20 May 2016

Australian Legal Bibliometrics

The incisive and important 'A Report into Methodologies Underpinning Australian Law Journal Rankings. Prepared for the Council of Australian Law Deans (CALD)' (UNSW Law Research Paper No. 2016-30) by Kathy Bowrey comments
Law schools face significant institutional pressure to adopt journal ranking lists that are used to inform comparative assessment of the Faculty, School and individual researcher performance.
CALD has commissioned a written report that:
1. critically evaluates the methodology of up to eight Law journal lists or rankings agreed to by the parties; 
2. makes recommendations about the suitability of the lists to act as a proxy for academic research quality, including suggesting revisions or modifications to methodology and reference to how to maintain the currency of any proposed list, as appropriate; 
3. comments on the utility of the lists in view of the suggested purposes for which they may be used.
This report is in four parts.
Part One provides a brief overview of bibliometric databases and indices currently in use in the higher education sector to assess research productivity, quality and influence. New non-citation based alternative metrics for the Humanities and perception studies are also discussed. There is also discussion of the Washington & Lee journal ranking list, which underpinned the original CALD/ERA lists. An updated version informed the Deakin List.
This part also contains comments on difficulties in applying existing bibliometrics to the output of Australian legal researchers.
Part Two provides analysis of the following Australian law journal ranking methodologies and lists: CALD list (2009); ERA 2010; Australian Business Deans Council Journal Quality List 2013; Deakin University Law Journal Rankings; University Of Tasmania Law Journal Rankings.
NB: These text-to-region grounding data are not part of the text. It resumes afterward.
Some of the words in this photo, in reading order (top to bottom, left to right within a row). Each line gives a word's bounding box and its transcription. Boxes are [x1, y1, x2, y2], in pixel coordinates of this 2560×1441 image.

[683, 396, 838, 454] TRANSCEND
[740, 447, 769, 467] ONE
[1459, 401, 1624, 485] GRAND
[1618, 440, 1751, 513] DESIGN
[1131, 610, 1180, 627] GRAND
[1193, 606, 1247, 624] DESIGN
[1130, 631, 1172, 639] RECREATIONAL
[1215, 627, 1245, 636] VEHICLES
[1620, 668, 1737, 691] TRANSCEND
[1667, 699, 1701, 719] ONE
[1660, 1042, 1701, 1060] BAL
This part also includes tables that allow for review of the performance of particular law journals across the various ranking lists provided.
Part Three addresses new developments in research assessment and current critical literature on the use and misuse of metrics.
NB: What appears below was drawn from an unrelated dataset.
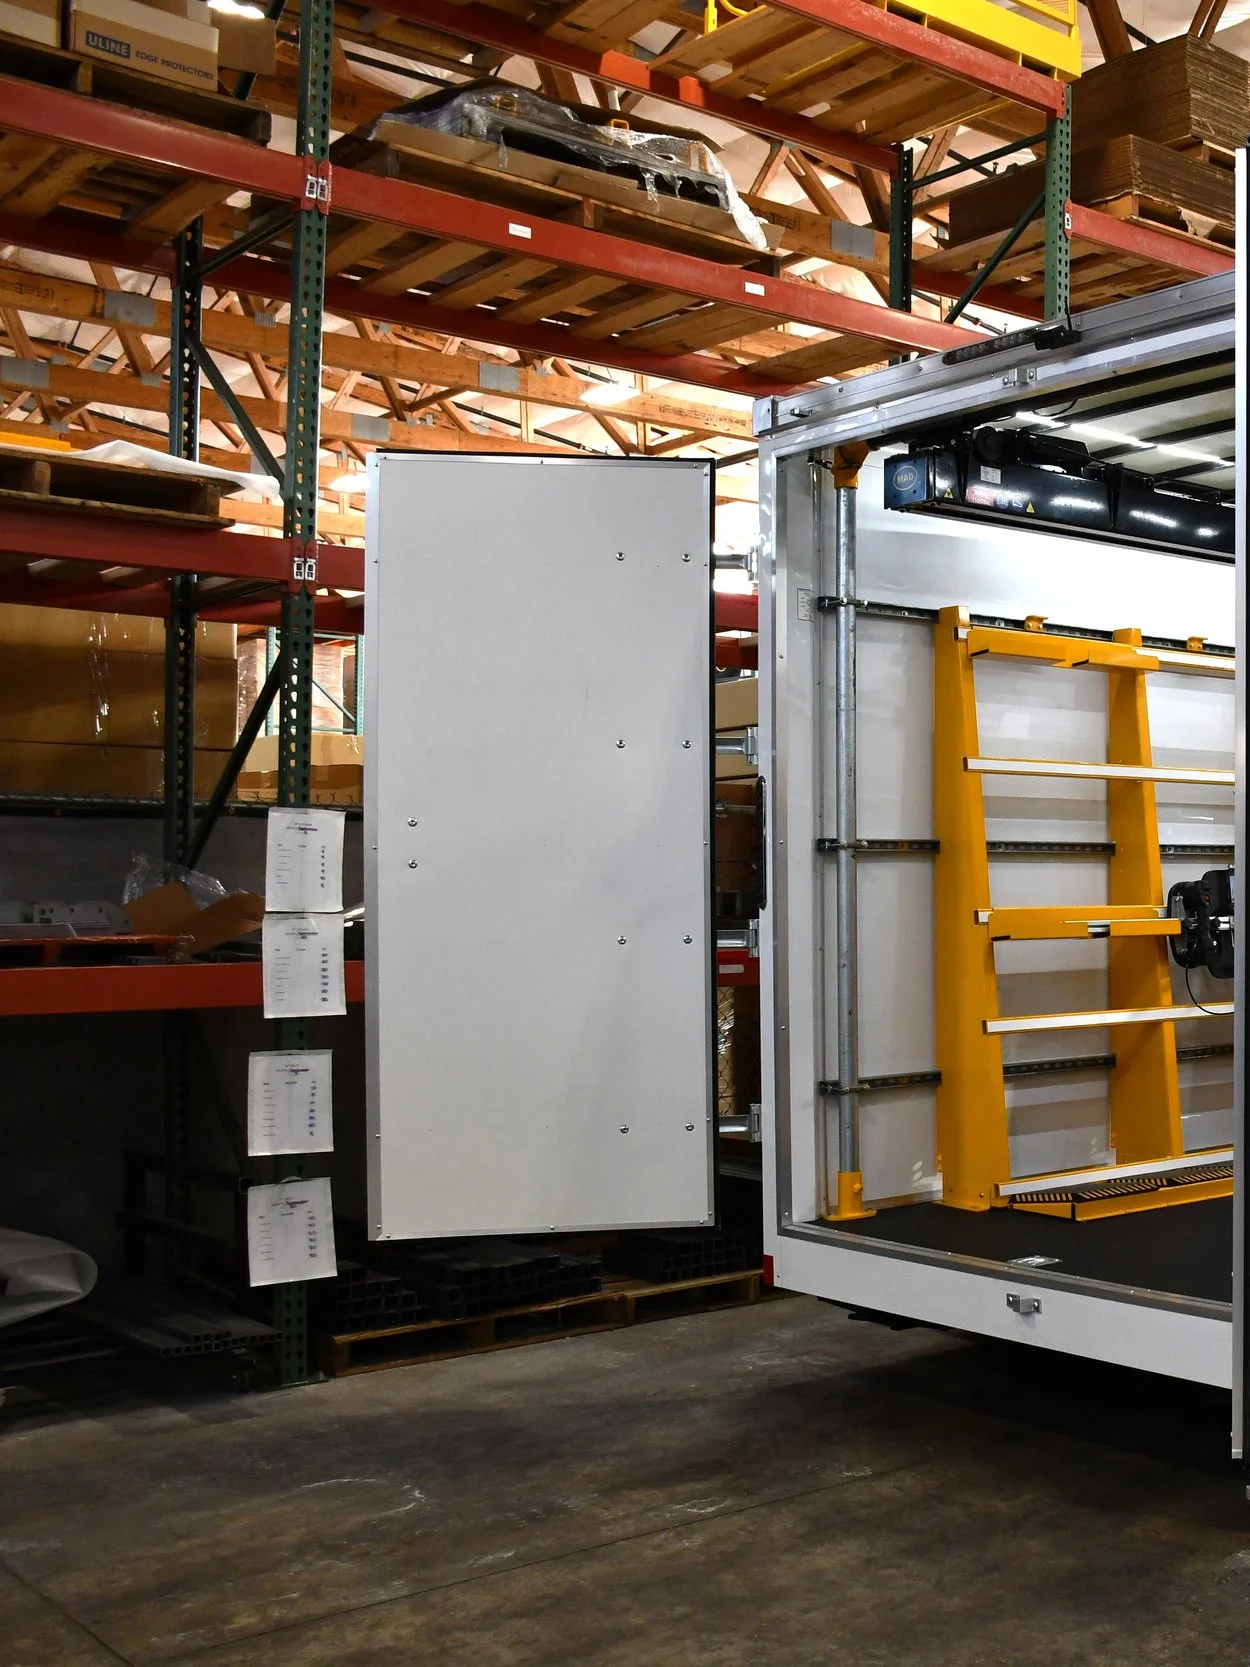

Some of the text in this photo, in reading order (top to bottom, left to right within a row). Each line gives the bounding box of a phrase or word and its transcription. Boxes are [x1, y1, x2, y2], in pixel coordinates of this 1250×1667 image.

[88, 33, 214, 81] ULINE EDGE PROTECTORS
[897, 474, 914, 484] MAD
Part Four provides recommendations to guide future discussion of the use of metrics to assess legal research.

19 May 2016


'Evaluating the privacy properties of telephone metadata' by Jonathan Mayer, Patrick Mutchlera, and John C. Mitchell in 113(20) Proceedings of the National Academy of Sciences 5536–5541 comments
Privacy protections against government surveillance are often scoped to communications content and exclude communications metadata. In the United States, the National Security Agency operated a particularly controversial program, collecting bulk telephone metadata nationwide. We investigate the privacy properties of telephone metadata to assess the impact of policies that distinguish between content and metadata. We find that telephone metadata is densely interconnected, can trivially be reidentified, enables automated location and relationship inferences, and can be used to determine highly sensitive traits.
Since 2013, a stream of disclosures has prompted reconsideration of surveillance law and policy. One of the most controversial principles, both in the United States and abroad, is that communications metadata receives substantially less protection than communications content. Several nations currently collect telephone metadata in bulk, including on their own citizens. In this paper, we attempt to shed light on the privacy properties of telephone metadata. Using a crowdsourcing methodology, we demonstrate that telephone metadata is densely interconnected, can trivially be reidentified, and can be used to draw sensitive inferences.
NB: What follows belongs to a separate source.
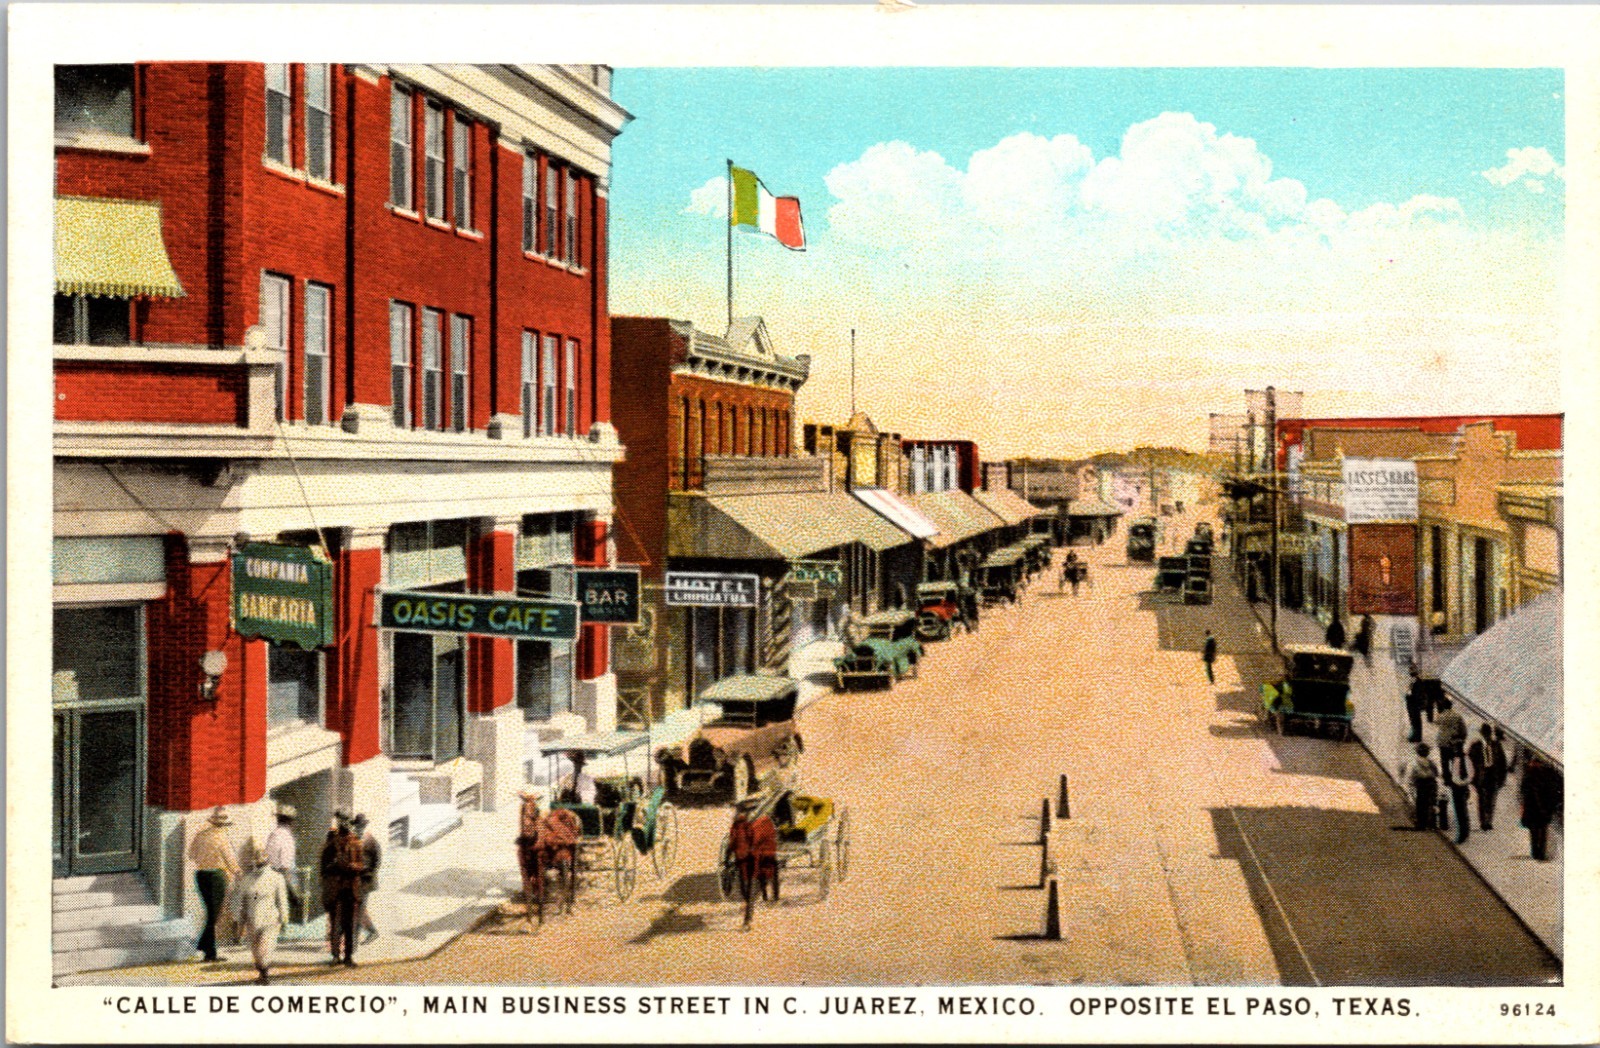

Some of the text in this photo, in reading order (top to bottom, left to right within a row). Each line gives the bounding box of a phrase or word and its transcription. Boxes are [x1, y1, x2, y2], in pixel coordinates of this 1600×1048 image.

[585, 589, 629, 605] BAR
[676, 579, 750, 594] HOTEL
[239, 592, 317, 629] BANCARIA
[392, 600, 561, 633] OASIS CAFE
Communications privacy law, in the United States and many other nations, draws a distinction between “content” and “metadata”. The former category reflects the substance of an electronic communication; the latter includes all other information about the communication, such as parties, time, and duration.
When a government agency compels disclosure of content, the agency must usually comply with extensive substantive and procedural safeguards. Demands for metadata, by contrast, are often left to the near-total discretion of authorities. In the United States, for instance, a law enforcement officer can request telephone calling records with merely a subpoena—essentially a formal letter from the investigating agency. An intelligence program by the National Security Agency (NSA) has drawn particular criticism; under the business records provision of the USA PATRIOT Act, the agency acquired a substantial share of all domestic telephone metadata.
In this paper, we empirically investigate factual assumptions that undergird policies of differential treatment for content and metadata. Using crowdsourced telephone logs and social networking information, we find that telephone metadata is densely interconnected, susceptible to reidentification, and enables highly sensitive inferences.
The balance of the paper is organized into three parts. First, we discuss our data collection methodology and properties of our participant population. We next present our results. Finally, we discuss implications for policy and future quantitative social science research.